__Provided records__
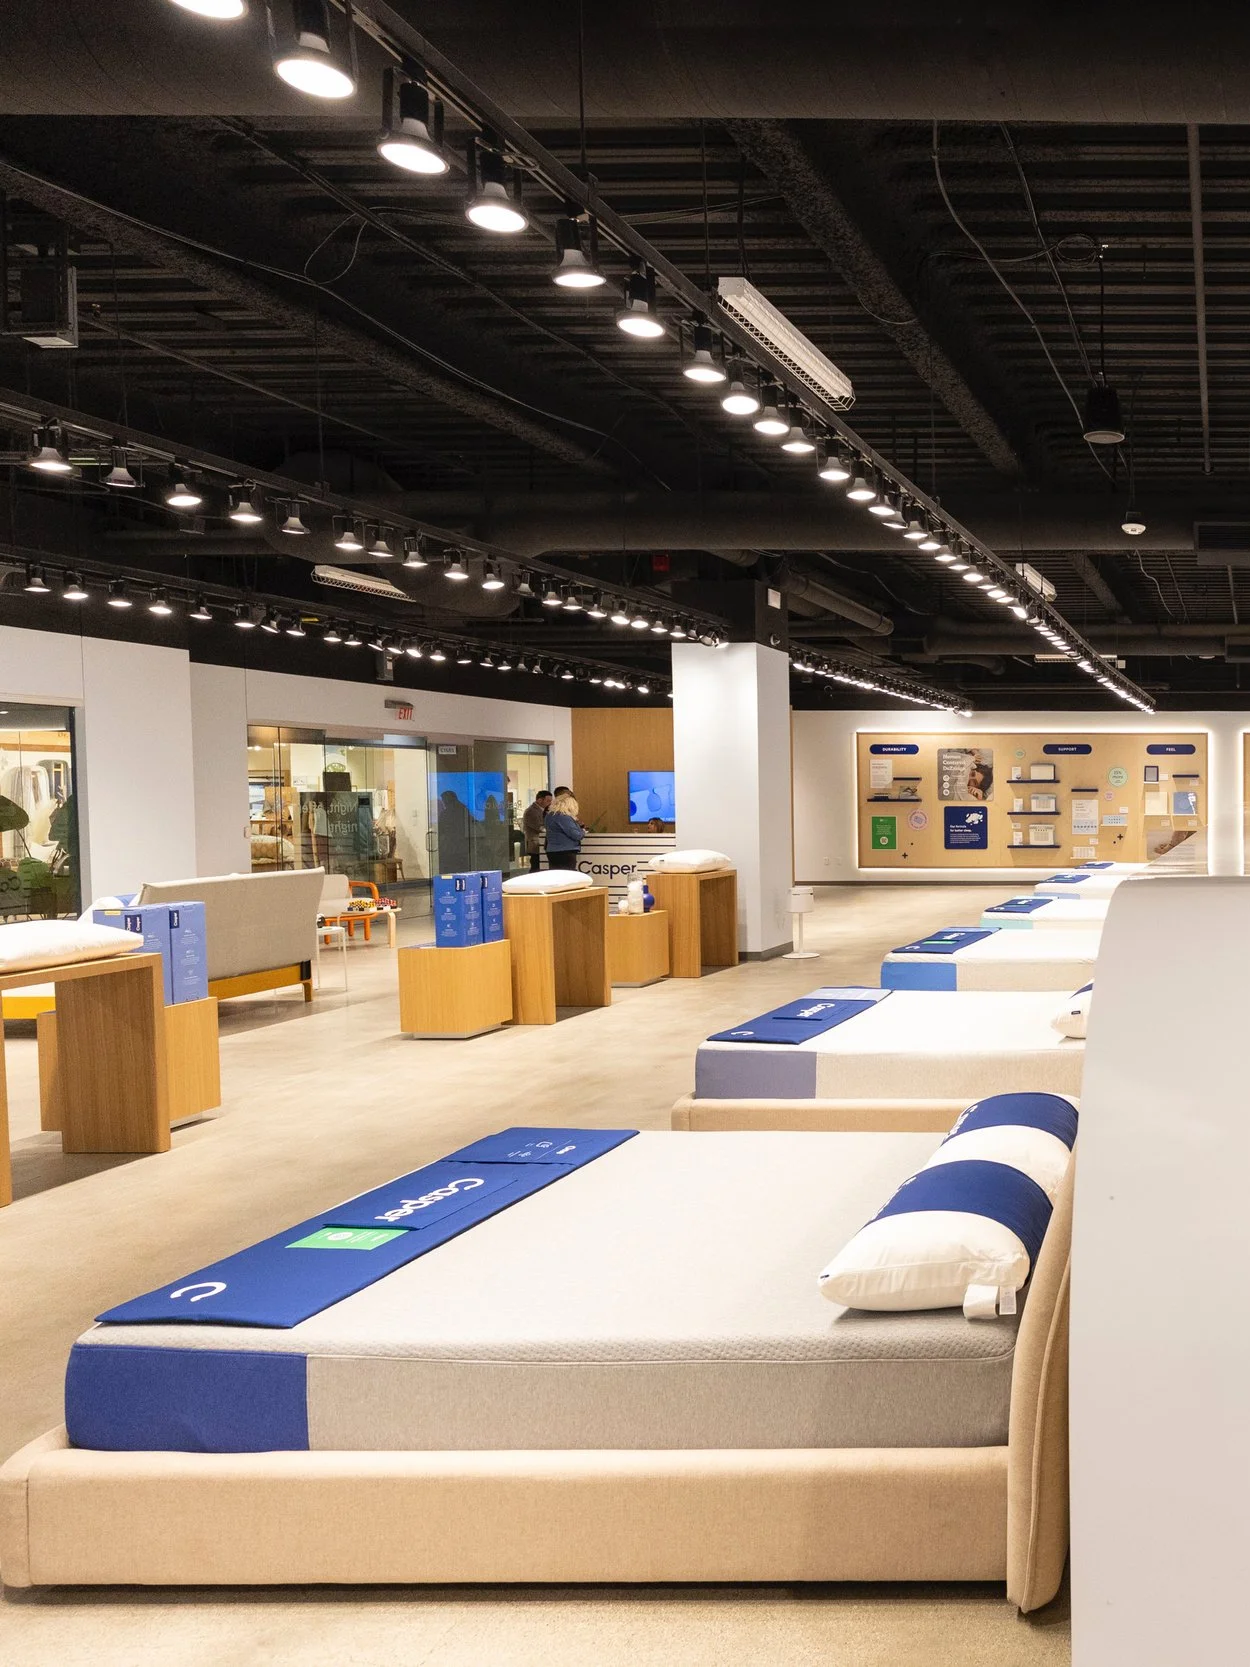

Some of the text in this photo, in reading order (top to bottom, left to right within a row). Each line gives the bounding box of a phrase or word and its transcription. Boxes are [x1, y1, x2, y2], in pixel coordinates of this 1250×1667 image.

[398, 707, 413, 720] EXIT
[578, 860, 637, 880] Casper
[374, 1177, 485, 1222] Casper
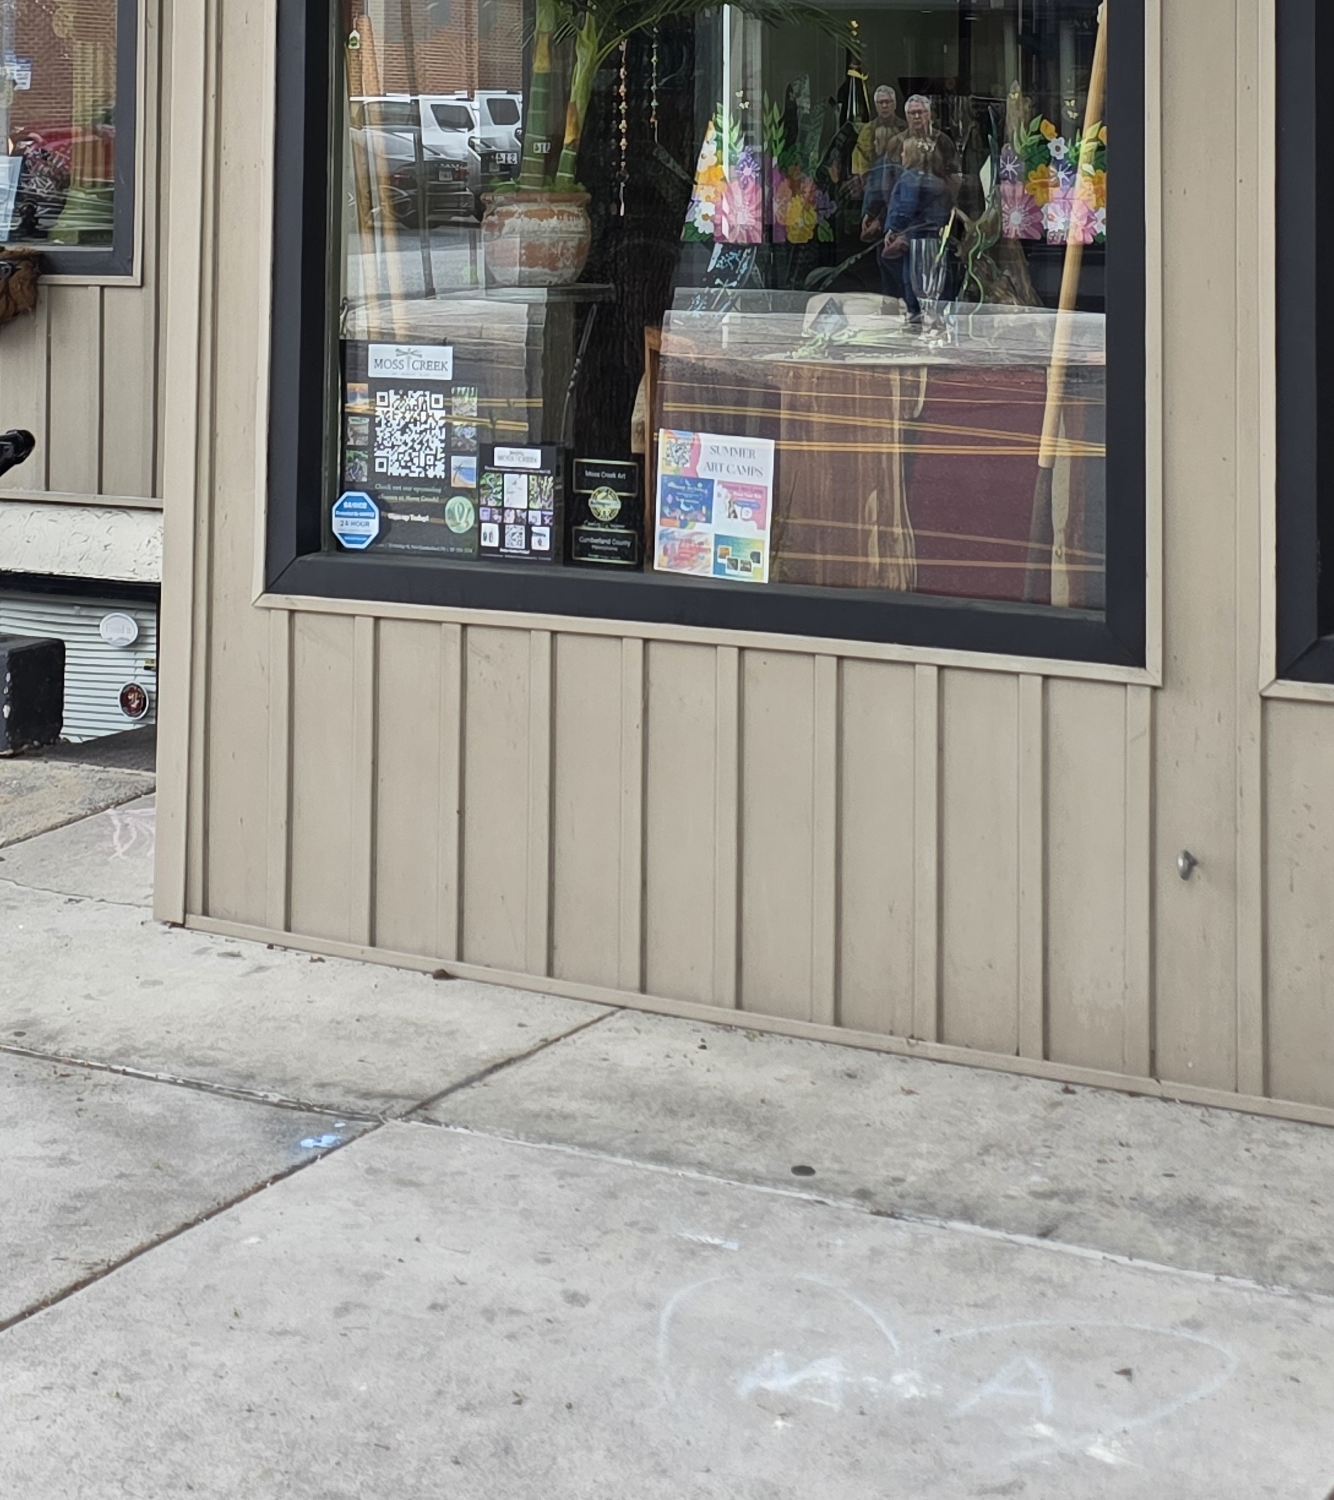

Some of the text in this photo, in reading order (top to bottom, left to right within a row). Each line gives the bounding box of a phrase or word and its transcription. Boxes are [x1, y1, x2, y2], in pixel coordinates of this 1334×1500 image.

[373, 358, 449, 372] MOSS CREEK
[709, 444, 756, 460] SUMMER
[703, 461, 764, 477] ART CAMPS
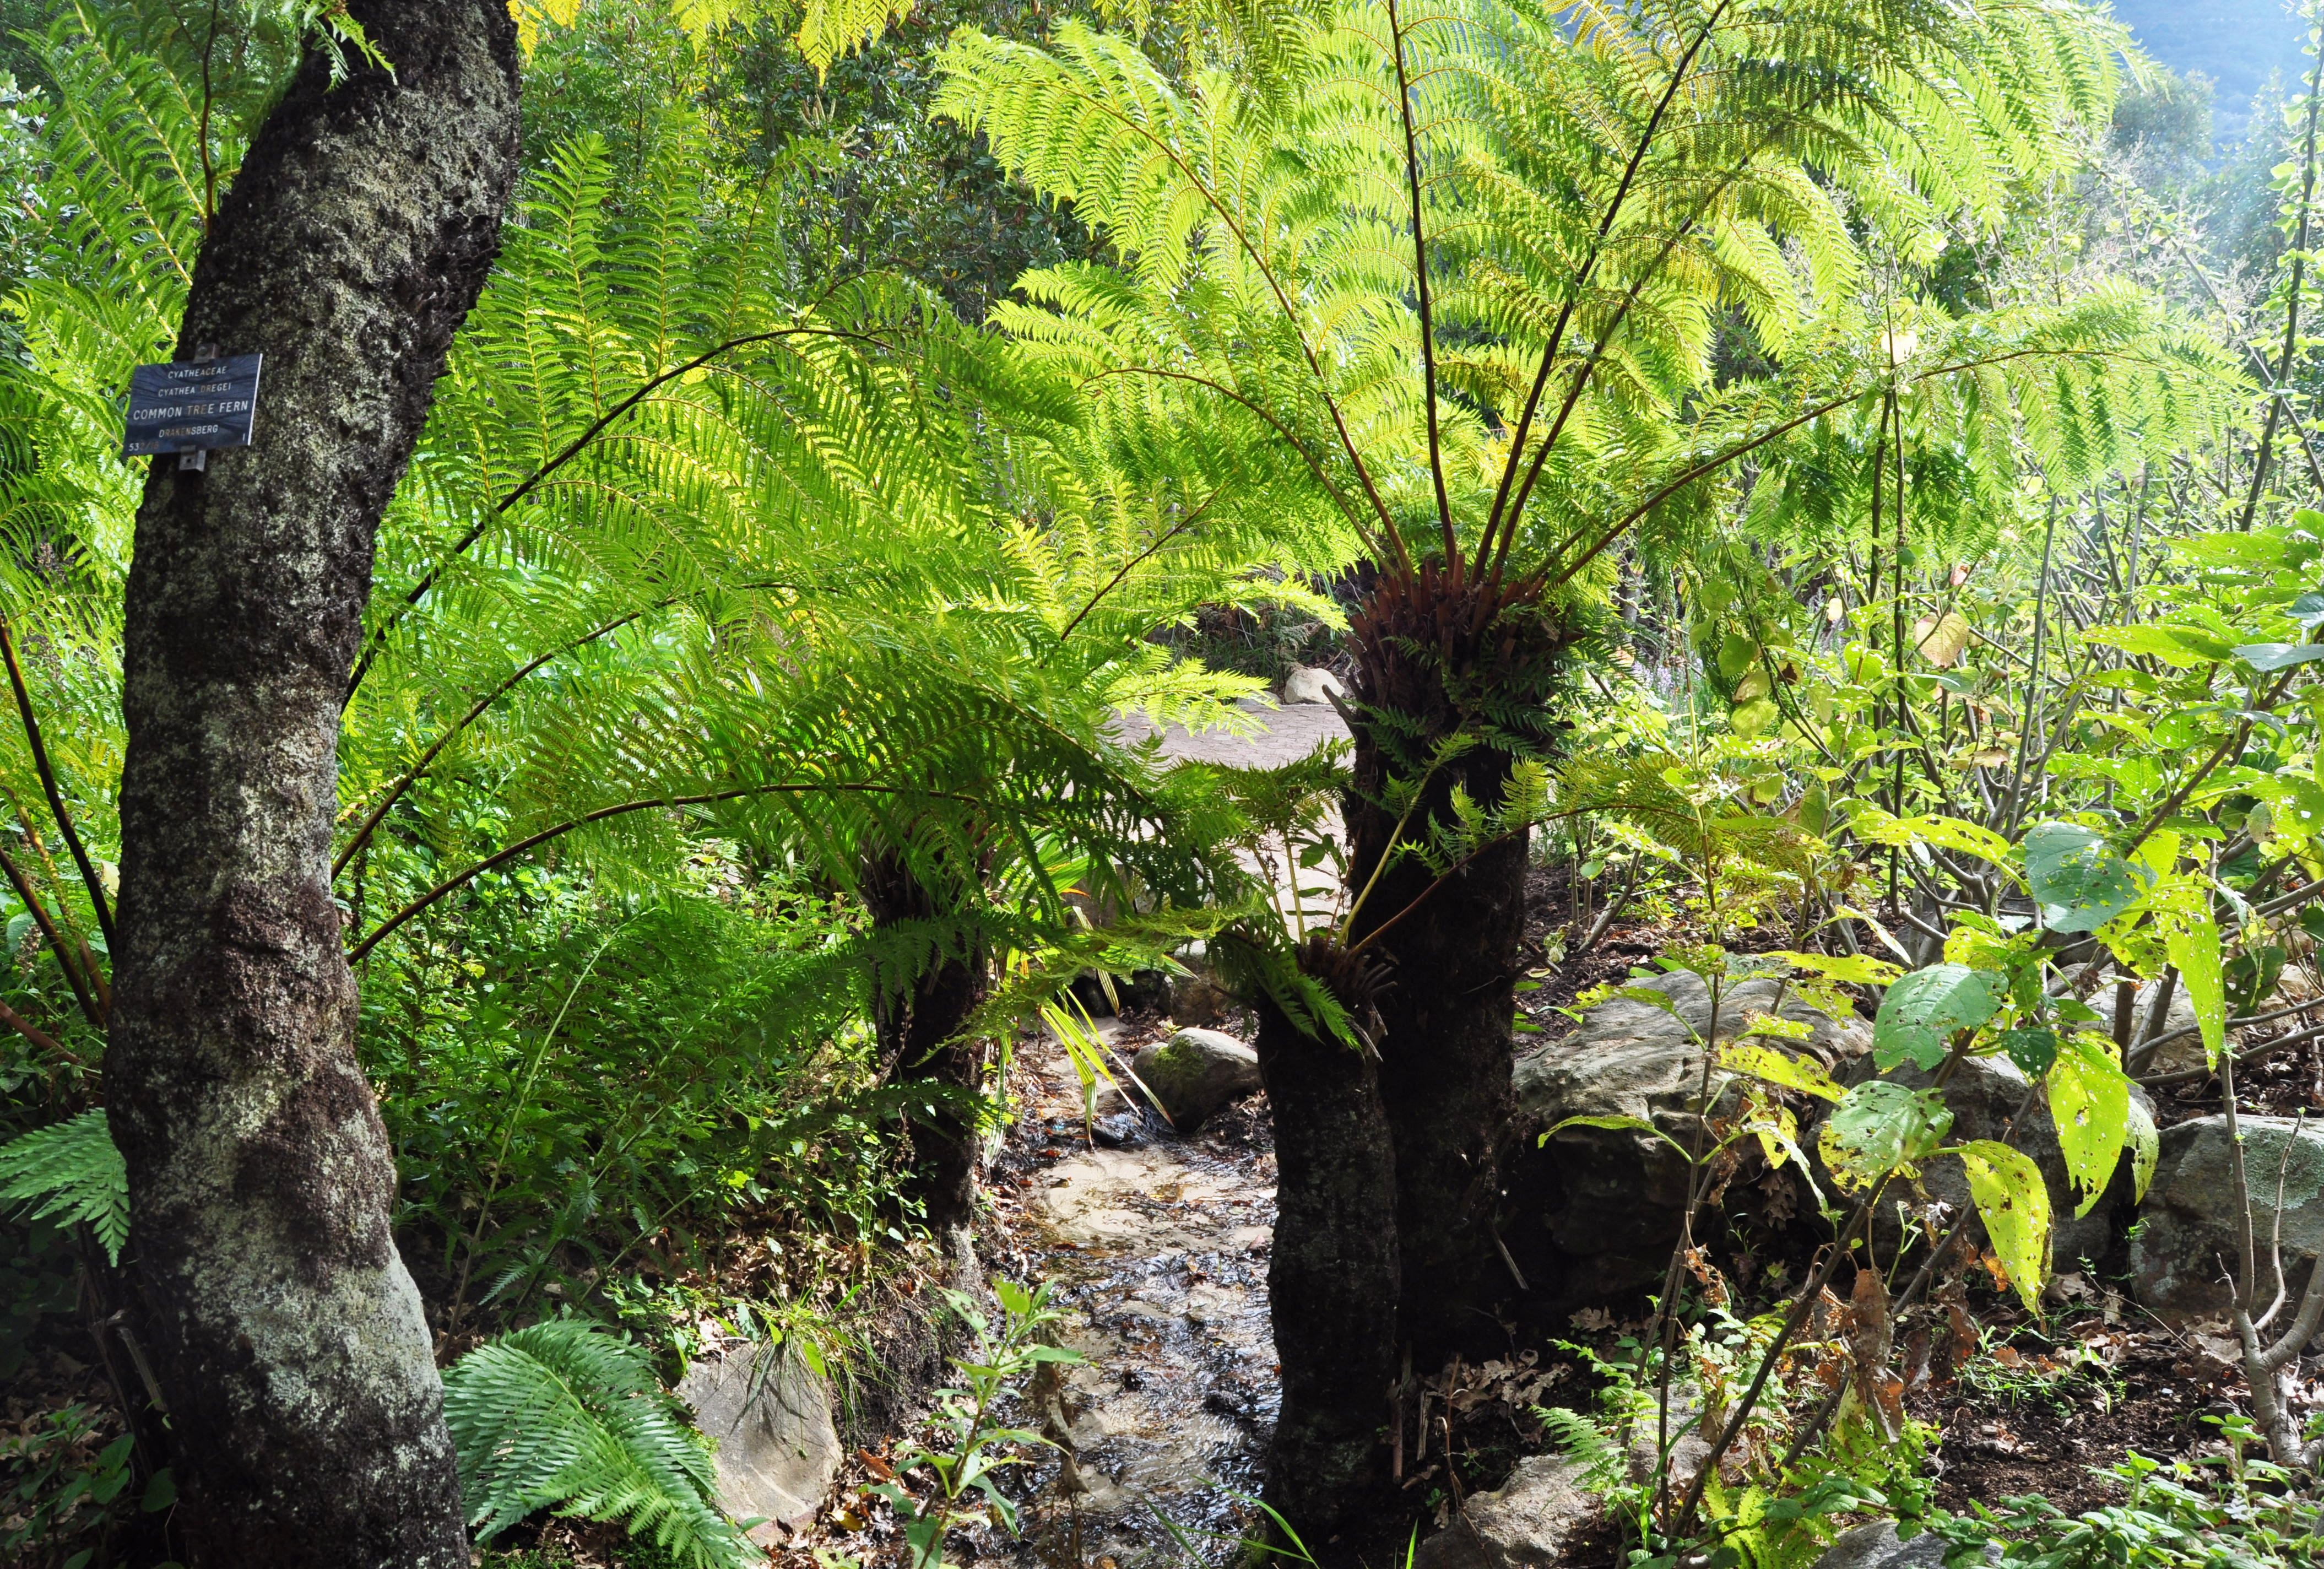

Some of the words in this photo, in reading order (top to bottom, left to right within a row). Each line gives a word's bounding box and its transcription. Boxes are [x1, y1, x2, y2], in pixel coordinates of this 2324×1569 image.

[168, 366, 226, 379] CYATHEACEAE
[158, 386, 195, 397] CYATHEA
[201, 383, 231, 392] DREGEI
[133, 407, 182, 420] COMMON
[187, 404, 215, 415] TREE
[219, 401, 248, 413] FERN
[159, 425, 218, 437] DRAKENSBERG
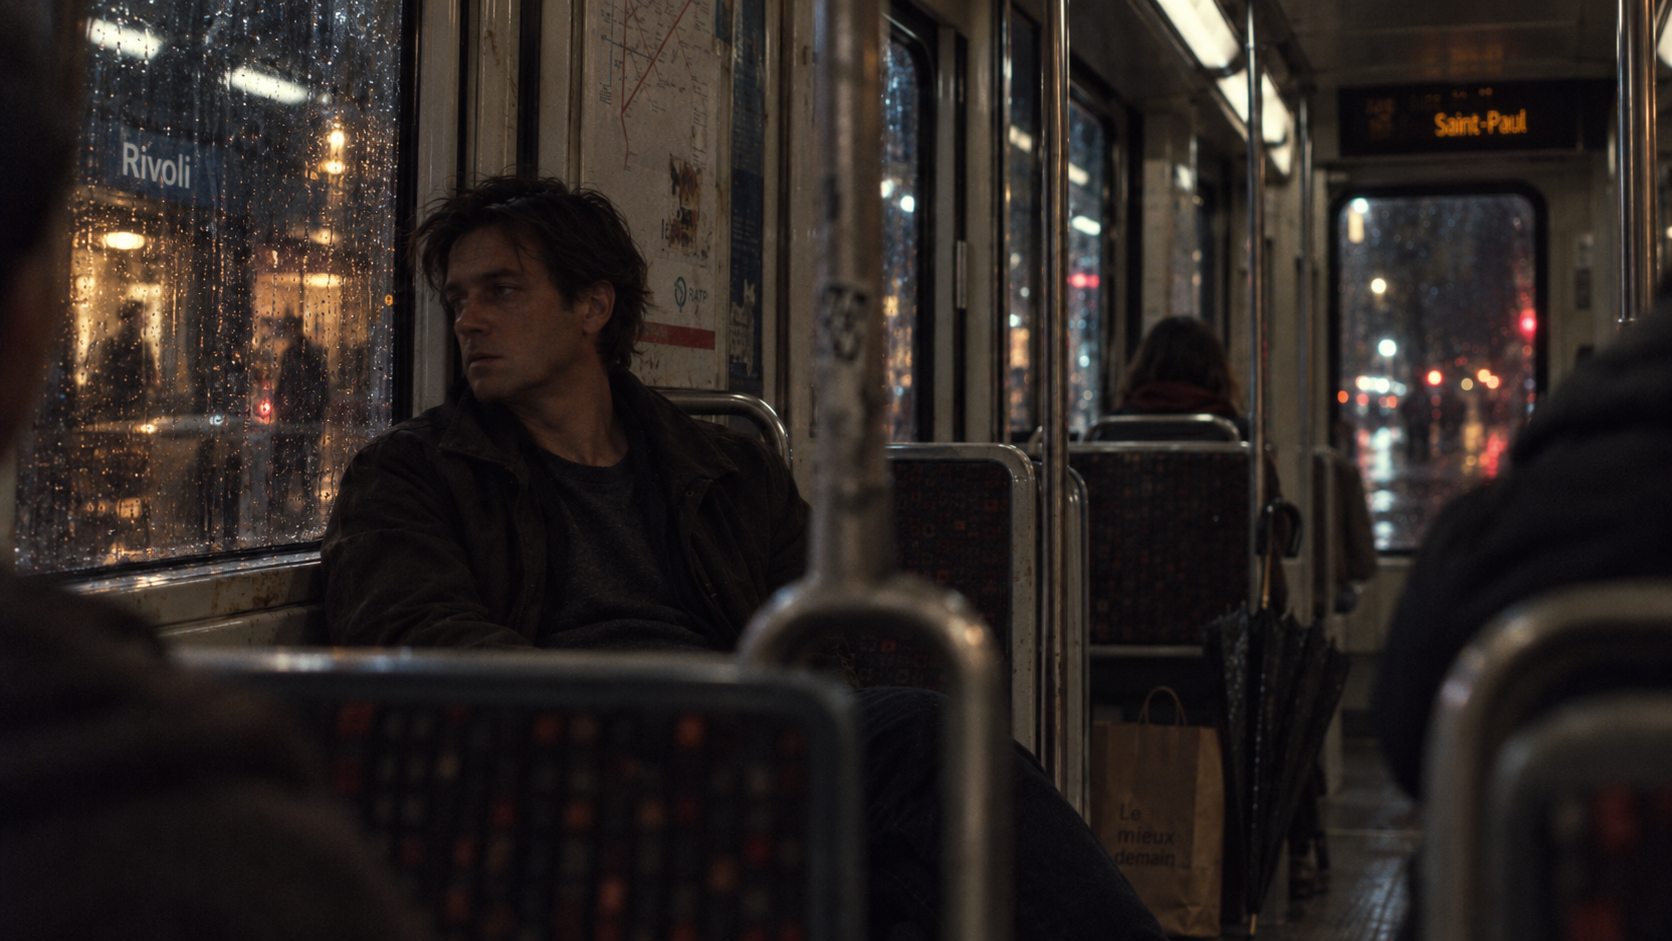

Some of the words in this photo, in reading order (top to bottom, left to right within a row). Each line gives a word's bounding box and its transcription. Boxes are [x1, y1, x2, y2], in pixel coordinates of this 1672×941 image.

__Task__
All of the material above should be copied exactly, minus the pictures.

__Response to the exercise__
Some of the text in this photo, in reading order (top to bottom, left to right within a row). Each line gives the bounding box of a phrase or word and its transcription. Boxes are [x1, y1, x2, y2], in pixel coordinates of this 1250×1667 image.

[398, 707, 413, 720] EXIT
[578, 860, 637, 880] Casper
[374, 1177, 485, 1222] Casper

Some of the text in this photo, in reading order (top to bottom, left to right within a row). Each line gives the bounding box of a phrase or word and its transcription. Boxes are [x1, y1, x2, y2], in pixel coordinates of this 1334×1500 image.

[373, 358, 449, 372] MOSS CREEK
[709, 444, 756, 460] SUMMER
[703, 461, 764, 477] ART CAMPS

Some of the words in this photo, in reading order (top to bottom, left to right within a row). Each line gives a word's bounding box and its transcription. Boxes are [x1, y1, x2, y2], in pixel coordinates of this 2324×1569 image.

[168, 366, 226, 379] CYATHEACEAE
[158, 386, 195, 397] CYATHEA
[201, 383, 231, 392] DREGEI
[133, 407, 182, 420] COMMON
[187, 404, 215, 415] TREE
[219, 401, 248, 413] FERN
[159, 425, 218, 437] DRAKENSBERG

Some of the words in this photo, in reading order (top to bottom, left to right within a row). Each line gives a word's bounding box and its transcription. Boxes are [x1, y1, x2, y2], in pixel coordinates of this 1672×941 image.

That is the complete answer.